Dr. Michael Dan and Dr. Amira Dan are driven by a deep commitment to human rights and social justice. In particular, the couple have been generous and committed leaders in helping to address the social and economic inequalities that weigh on Canada’s Indigenous peoples.
After obtaining his MD degree from the University of Toronto in 1984, Michael completed a neurosurgery residency and a PhD in experimental medicine at McGill University. He was an assistant professor of neurosurgery at LSU Medical Center, New Orleans, for five years, then returned to Toronto in 1995 as CEO of Novopharm Biotech Inc., a publicly-traded drug discovery company. In 2000, the family business, Novopharm Ltd. (which was founded by Michael’s father, Leslie L. Dan, BScPhm 1954, MBA 1959), was sold to Teva Pharmaceuticals, and Michael embarked on a career in hydroelectric power development and philanthropy.

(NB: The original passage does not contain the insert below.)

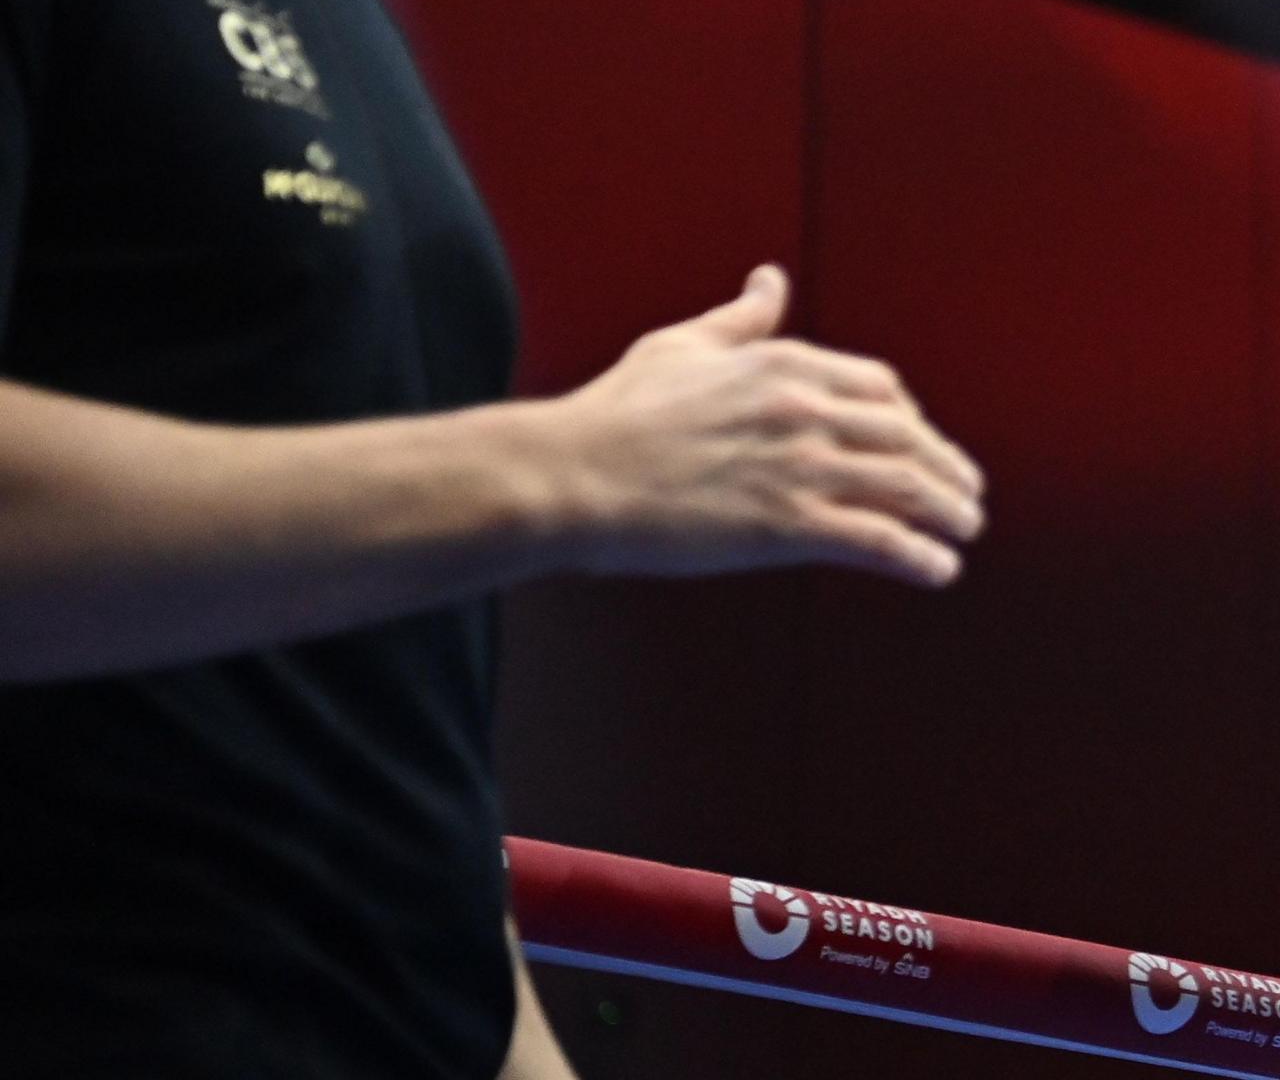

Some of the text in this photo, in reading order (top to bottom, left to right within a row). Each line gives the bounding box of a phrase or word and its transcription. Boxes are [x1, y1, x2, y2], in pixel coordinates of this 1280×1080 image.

In 2003 Michael created the Paloma Foundation to support organizations that assist marginalized people in Toronto. Together with his wife, Amira, a scholar of Jewish studies at York University, he funded the Michael and Amira Dan Professorship in Global Health in 2009, the Michael and Amira Dan Fellowships in Neurosurgery in 2012, and the University of Toronto Brain Tumour Bank in 2013.
The Dans, along with researchers and academic leaders at U of T, recognized that the large number of brain tumour patients treated at U of T-affiliated hospitals offered an unparalleled opportunity to collect and study tissue samples. The innovative new facility, housed at the Faculty of Medicine, will enable researchers in the U of T health sciences network to more effectively diagnose and treat individuals with brain tumours—progress that will prolong and save tens of thousands of lives in Canada and around the world in the years ahead.

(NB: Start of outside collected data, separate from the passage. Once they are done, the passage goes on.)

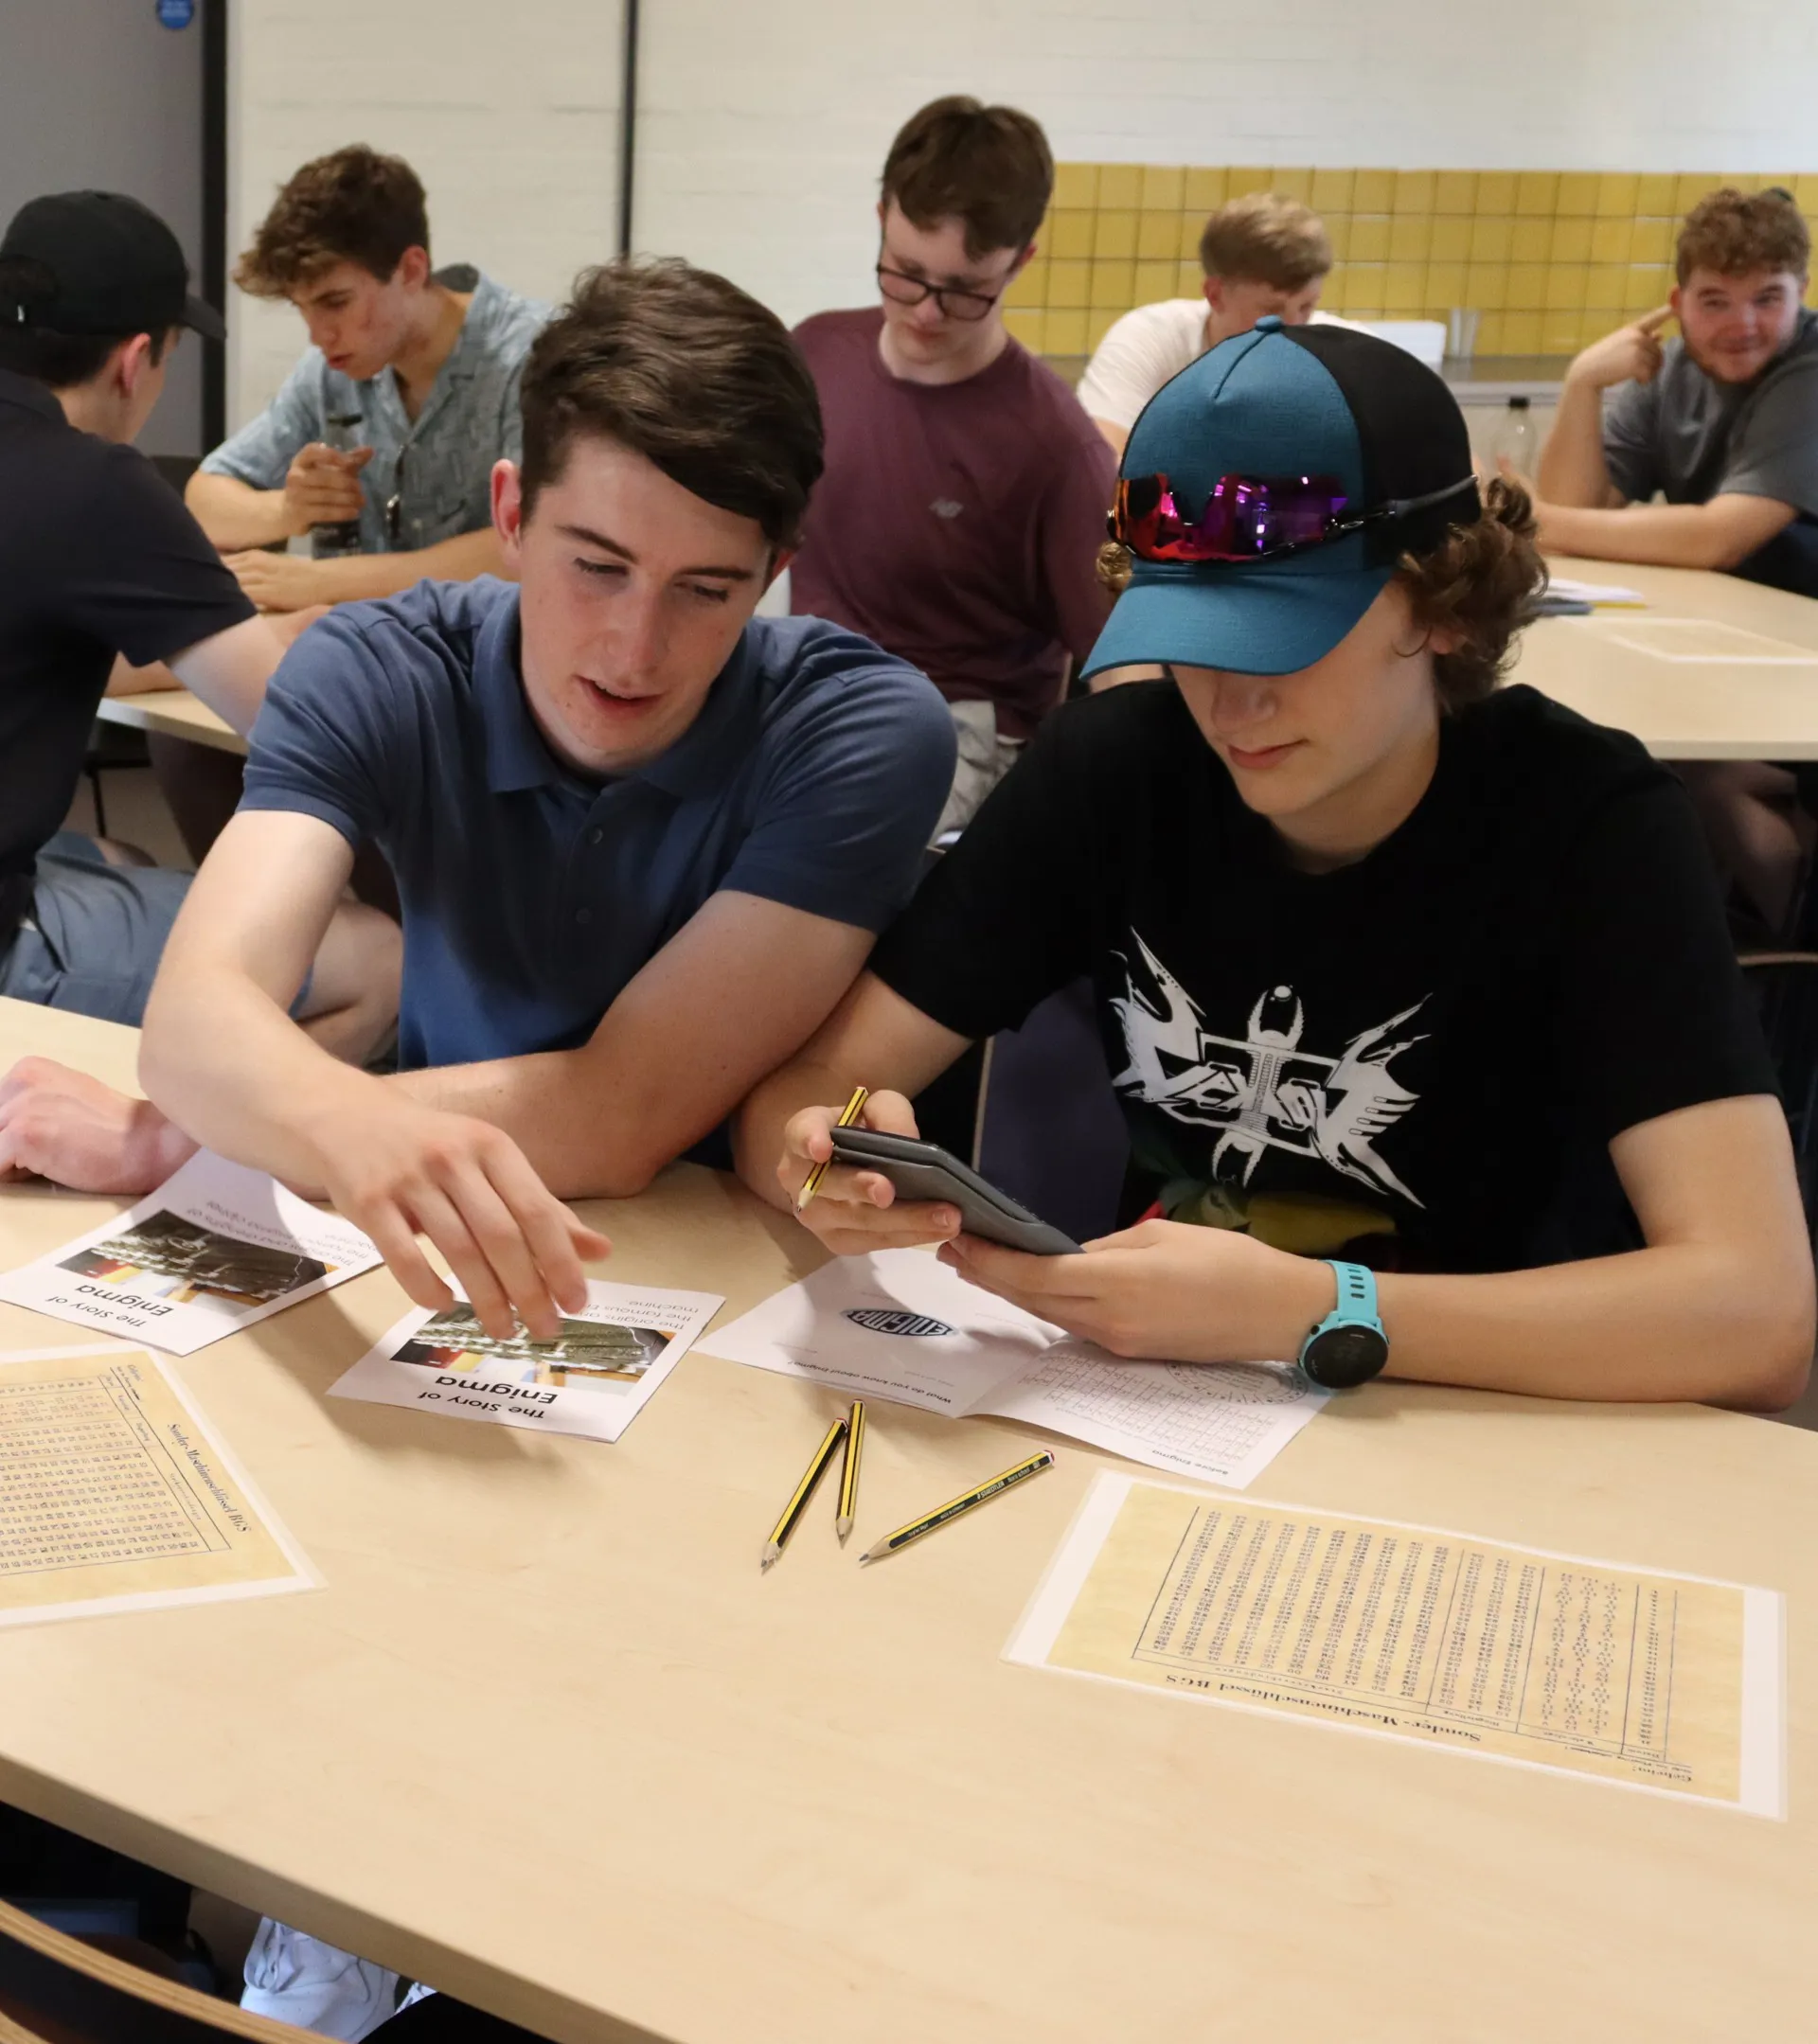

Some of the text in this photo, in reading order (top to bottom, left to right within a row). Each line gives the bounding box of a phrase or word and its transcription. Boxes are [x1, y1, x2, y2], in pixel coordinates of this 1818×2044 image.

[76, 1285, 173, 1316] Enigma
[71, 1303, 114, 1318] Story
[116, 1315, 146, 1327] The
[852, 1309, 948, 1334] ENIGMA
[863, 1376, 888, 1384] know
[436, 1377, 558, 1404] Enigma
[926, 1393, 951, 1404] What
[447, 1395, 501, 1412] Story
[508, 1407, 544, 1418] The
[1152, 1449, 1228, 1475] Before Enigma
[979, 1479, 1006, 1497] STAEDTLER
[1167, 1676, 1209, 1688] BGS

Between 2006 and 2013, Michael worked closely with the Lac La Croix First Nation in northwestern Ontario on a hydroelectric project. After numerous visits to the community, Michael became an advocate for Indigenous health issues. In 2015, Michael and Amira made a landmark gift of $10 million to endow the Waakebiness-Bryce Institute for Indigenous Health at the Dalla Lana Faculty of Public Health, the first privately-endowed research institute in the world that is addressing the unique health needs of Indigenous people.
Waakebiness is the spirit name given to Michael by the elders of Lac La Croix in 2011. It means “radiant thunderbird from the south.” The institute is co-named for Dr. Peter H. Bryce, also a graduate of the University of Toronto, and a pioneer of public health in Canada. In 1922, Bryce was the first civil servant to call public attention to the epidemic of tuberculosis then raging throughout residential schools, calling it a “national crime.” Sadly, none of his recommendations to control the spread of TB were implemented by the Department of Indian Affairs.
Michael has also given generously of his time, chairing the Faculty of Medicine Campaign Cabinet since 2012. With his many contributions to the University and to the community, Michael follows the inspiring example of his father, Leslie Dan.
Michael received the Order of Ontario in 2014 and was named a Member of the Order of Canada in 2016. He is also an Officer of the Order of St. John, and a proud supporter of the St. John Eye Hospital in Jerusalem, the Canadian Museum for Human Rights in Winnipeg, and the Scarborough and Rouge Hospital.